The Politics of Emilia-Romagna, Italy takes place in a framework of a presidential representative democracy, whereby the President of Regional Government is the head of government, and of a pluriform multi-party system. Executive power is exercised by the Regional Government. Legislative power is vested in both the government and the Legislative Assembly.

The region has long been a stronghold of the Italian Communist Party and its successors, from the Democratic Party of the Left to the present-day Democratic Party, and is part of the so-called "Red belt", along with Tuscany, Marche and Umbria.

Executive branch
The Regional Government (Giunta Regionale) is presided by the President of the Region (Presidente della Regione), who is elected for a five-year term, and is composed by the President, the Ministers (Assessori), who are currently 12, including a vice president and one Under-Secretary for in President's office.

List of presidents

Legislative branch

The Legislative Assembly of Emilia-Romagna (Assemblea Legislativa dell'Emilia-Romagna) is composed of 50 members. 40 councillors are elected in provincial constituencies by proportional representation using the largest remainder method with a Droop quota and open lists, while 10 councillors (elected in bloc) come from a "regional list", including the President-elect. One seat is reserved for the candidate who comes second. If a coalition wins more than 50% of the total seats in the council with PR, only 5 candidates from the regional list will be chosen and the number of those elected in provincial constituencies will be 45. If the winning coalition receives less than 40% of votes special seats are added to the council to ensure a large majority for the President's coalition.

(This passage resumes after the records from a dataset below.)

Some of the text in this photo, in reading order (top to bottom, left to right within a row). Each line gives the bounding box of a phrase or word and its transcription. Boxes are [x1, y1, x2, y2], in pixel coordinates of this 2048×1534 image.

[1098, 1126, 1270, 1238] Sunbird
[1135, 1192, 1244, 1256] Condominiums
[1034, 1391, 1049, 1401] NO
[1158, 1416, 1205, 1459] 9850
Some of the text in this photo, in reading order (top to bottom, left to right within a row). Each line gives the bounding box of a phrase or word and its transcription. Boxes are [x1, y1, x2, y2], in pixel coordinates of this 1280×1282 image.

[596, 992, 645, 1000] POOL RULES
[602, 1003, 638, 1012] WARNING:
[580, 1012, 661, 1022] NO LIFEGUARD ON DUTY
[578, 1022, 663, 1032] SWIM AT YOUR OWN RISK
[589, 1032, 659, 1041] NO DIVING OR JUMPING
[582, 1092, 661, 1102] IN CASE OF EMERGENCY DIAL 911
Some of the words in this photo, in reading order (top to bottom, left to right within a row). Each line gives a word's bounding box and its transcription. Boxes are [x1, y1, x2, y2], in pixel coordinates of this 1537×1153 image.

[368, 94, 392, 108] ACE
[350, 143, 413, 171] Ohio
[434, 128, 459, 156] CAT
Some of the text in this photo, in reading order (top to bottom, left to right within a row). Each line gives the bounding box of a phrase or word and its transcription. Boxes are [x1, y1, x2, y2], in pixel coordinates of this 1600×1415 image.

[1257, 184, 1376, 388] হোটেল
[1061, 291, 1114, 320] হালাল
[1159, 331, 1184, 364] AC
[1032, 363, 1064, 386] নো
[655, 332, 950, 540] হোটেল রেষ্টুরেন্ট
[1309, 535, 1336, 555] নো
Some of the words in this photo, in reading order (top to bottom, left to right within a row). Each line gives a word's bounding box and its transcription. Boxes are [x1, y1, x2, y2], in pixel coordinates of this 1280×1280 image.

The council is elected for a five-year term, but, if the President suffers a vote of no confidence, resigns or dies, under the simul stabunt, simul cadent clause introduced in 1999 (literally they will stand together or they will fall together), also the council is dissolved and a snap election is called.

Local government

Provinces
Emilia-Romagna is divided in nine provinces, which are a traditional form of local administration in the region.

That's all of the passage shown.